Start of Block

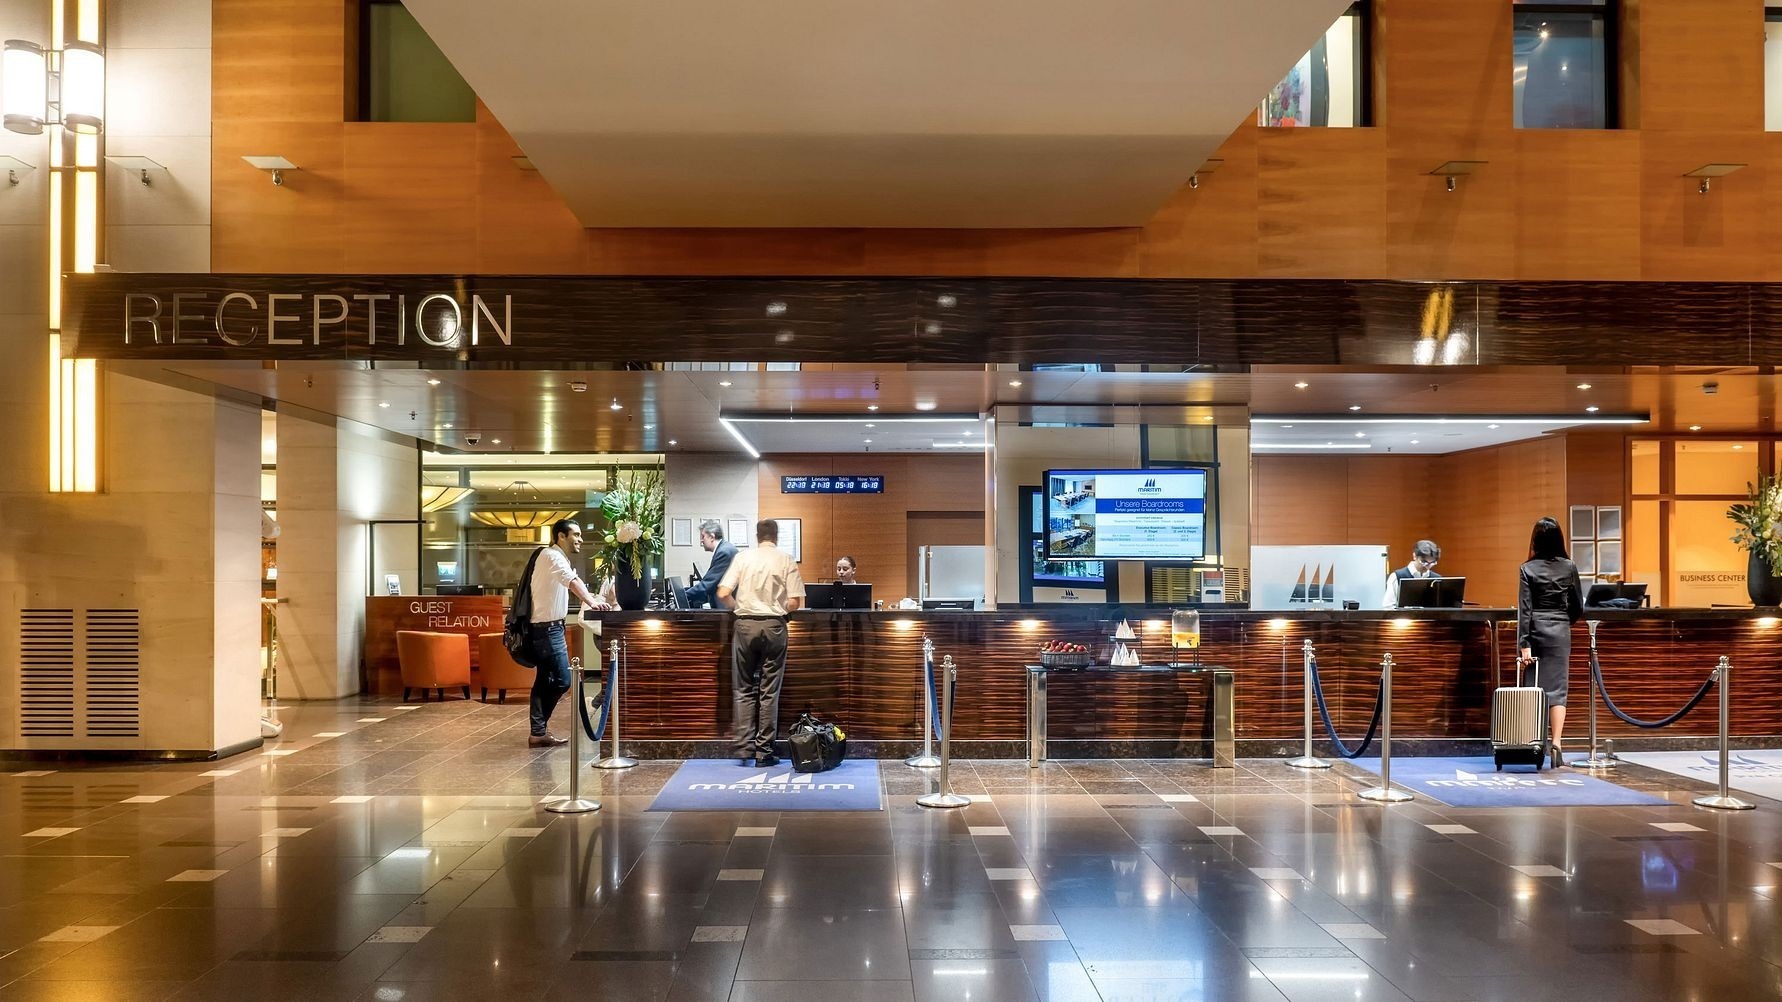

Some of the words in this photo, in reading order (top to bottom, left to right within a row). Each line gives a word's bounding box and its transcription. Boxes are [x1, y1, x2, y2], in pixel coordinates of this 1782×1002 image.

[125, 292, 512, 346] RECEPTION
[1115, 500, 1140, 508] Unsere
[1141, 500, 1184, 508] Boardrooms
[1680, 574, 1716, 582] BUSINESS
[1717, 574, 1746, 582] CENTER
[409, 601, 454, 614] GUEST
[428, 615, 490, 628] RELATION
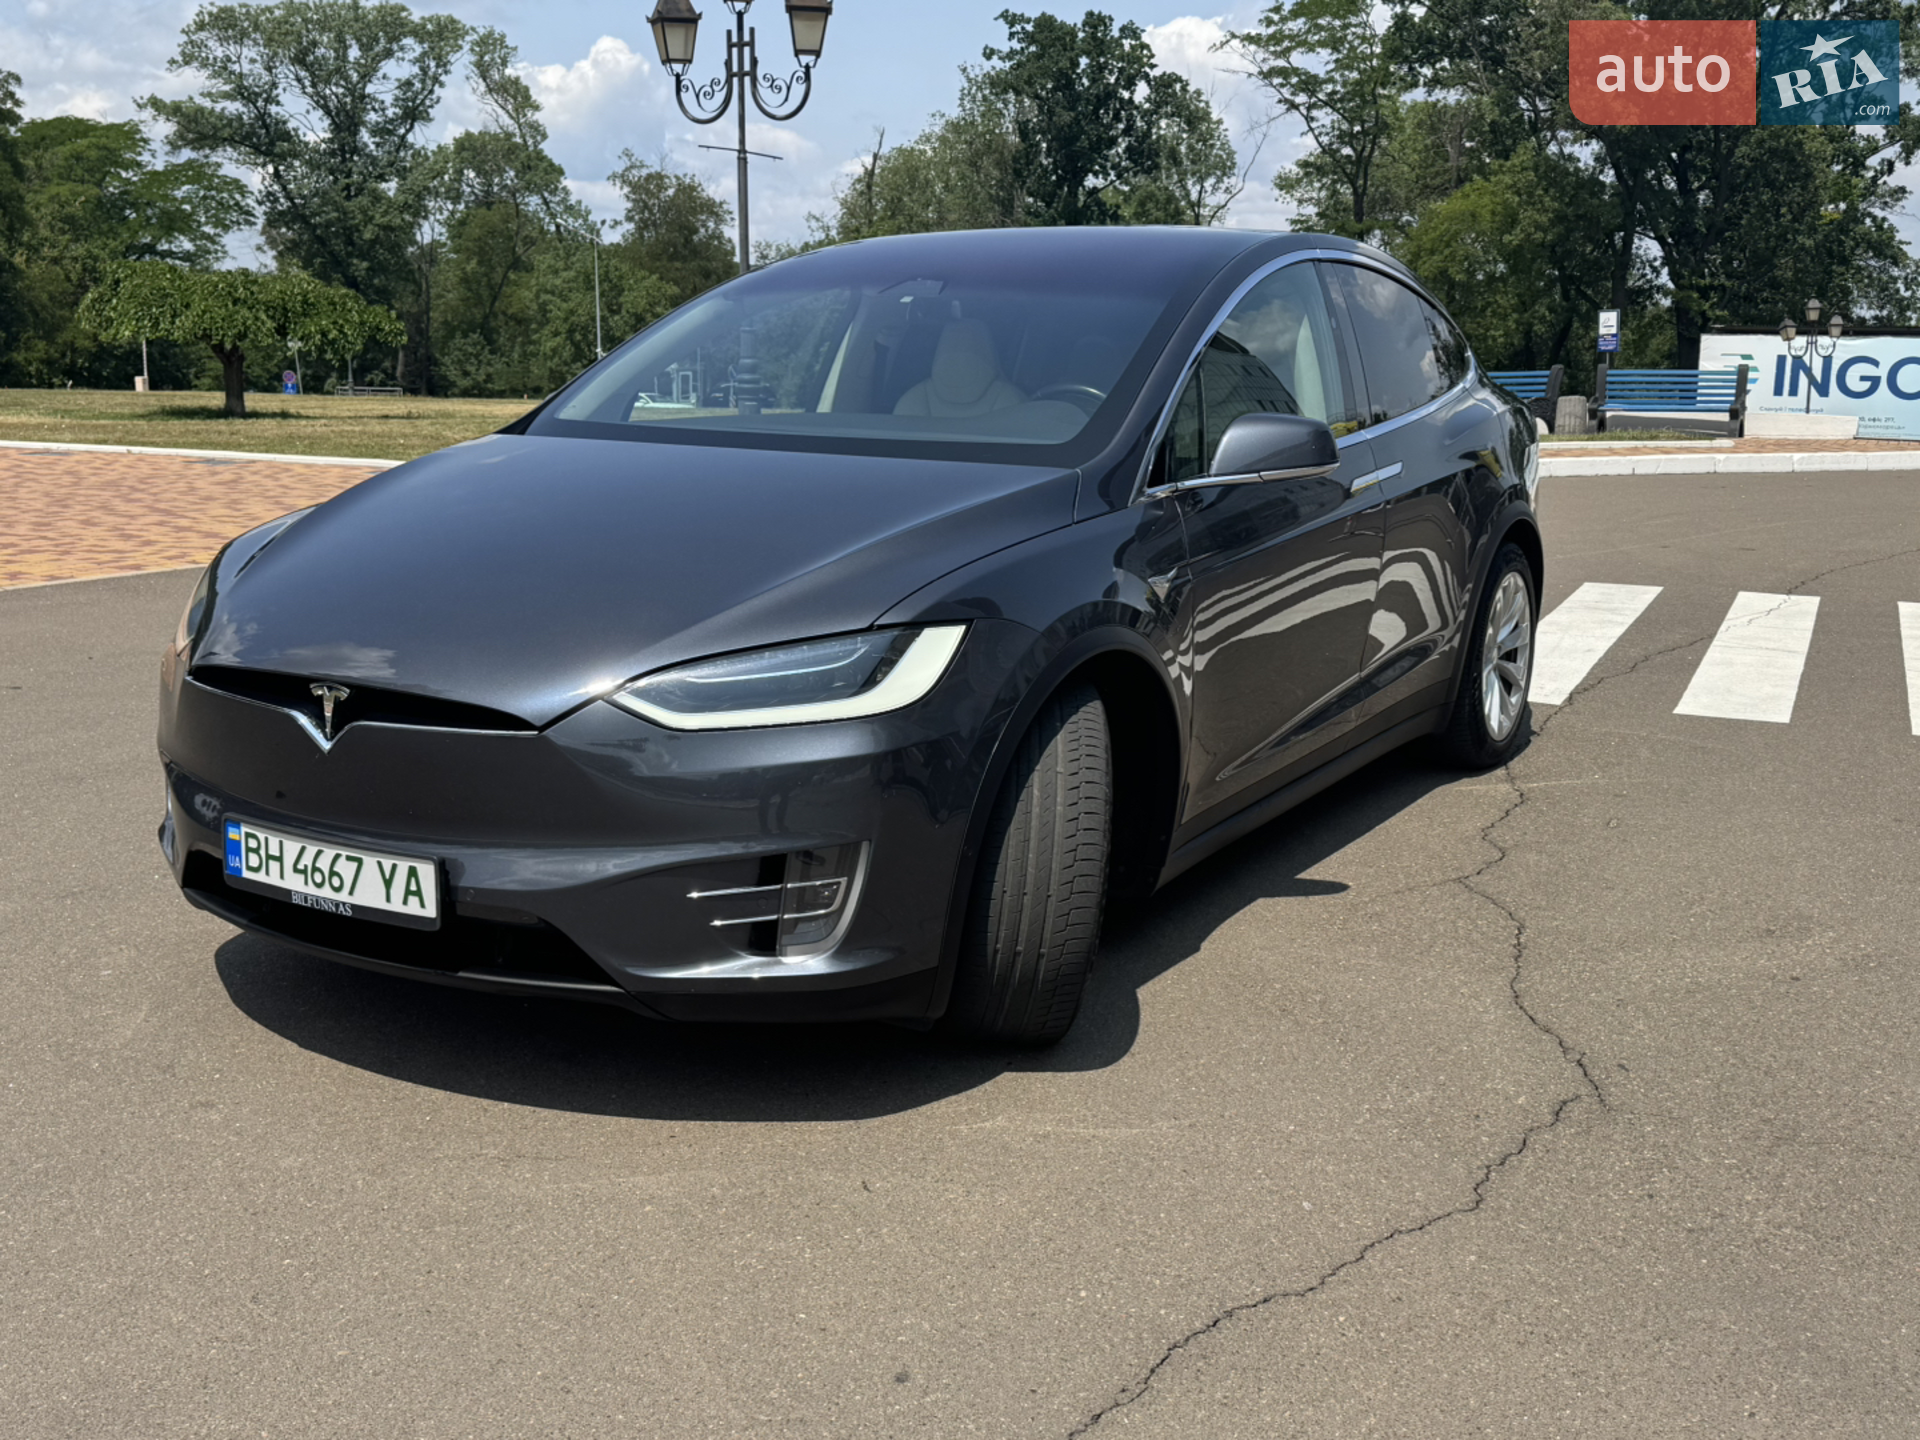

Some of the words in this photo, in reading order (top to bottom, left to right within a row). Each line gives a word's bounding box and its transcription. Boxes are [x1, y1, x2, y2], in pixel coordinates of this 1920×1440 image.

[228, 854, 241, 869] UA
[244, 831, 285, 880] BH
[292, 845, 364, 897] 4667
[376, 860, 427, 909] YA
[291, 891, 340, 913] BILFUNN
[337, 902, 353, 917] AS

End of Block

▶ _Activity_: Exclude the pictures, then retype every record exactly.

▶ _Task solution_:
Some of the words in this photo, in reading order (top to bottom, left to right within a row). Each line gives a word's bounding box and its transcription. Boxes are [x1, y1, x2, y2], in pixel coordinates of this 1782×1002 image.

[125, 292, 512, 346] RECEPTION
[1115, 500, 1140, 508] Unsere
[1141, 500, 1184, 508] Boardrooms
[1680, 574, 1716, 582] BUSINESS
[1717, 574, 1746, 582] CENTER
[409, 601, 454, 614] GUEST
[428, 615, 490, 628] RELATION

Some of the words in this photo, in reading order (top to bottom, left to right within a row). Each line gives a word's bounding box and its transcription. Boxes are [x1, y1, x2, y2], in pixel coordinates of this 1920×1440 image.

[228, 854, 241, 869] UA
[244, 831, 285, 880] BH
[292, 845, 364, 897] 4667
[376, 860, 427, 909] YA
[291, 891, 340, 913] BILFUNN
[337, 902, 353, 917] AS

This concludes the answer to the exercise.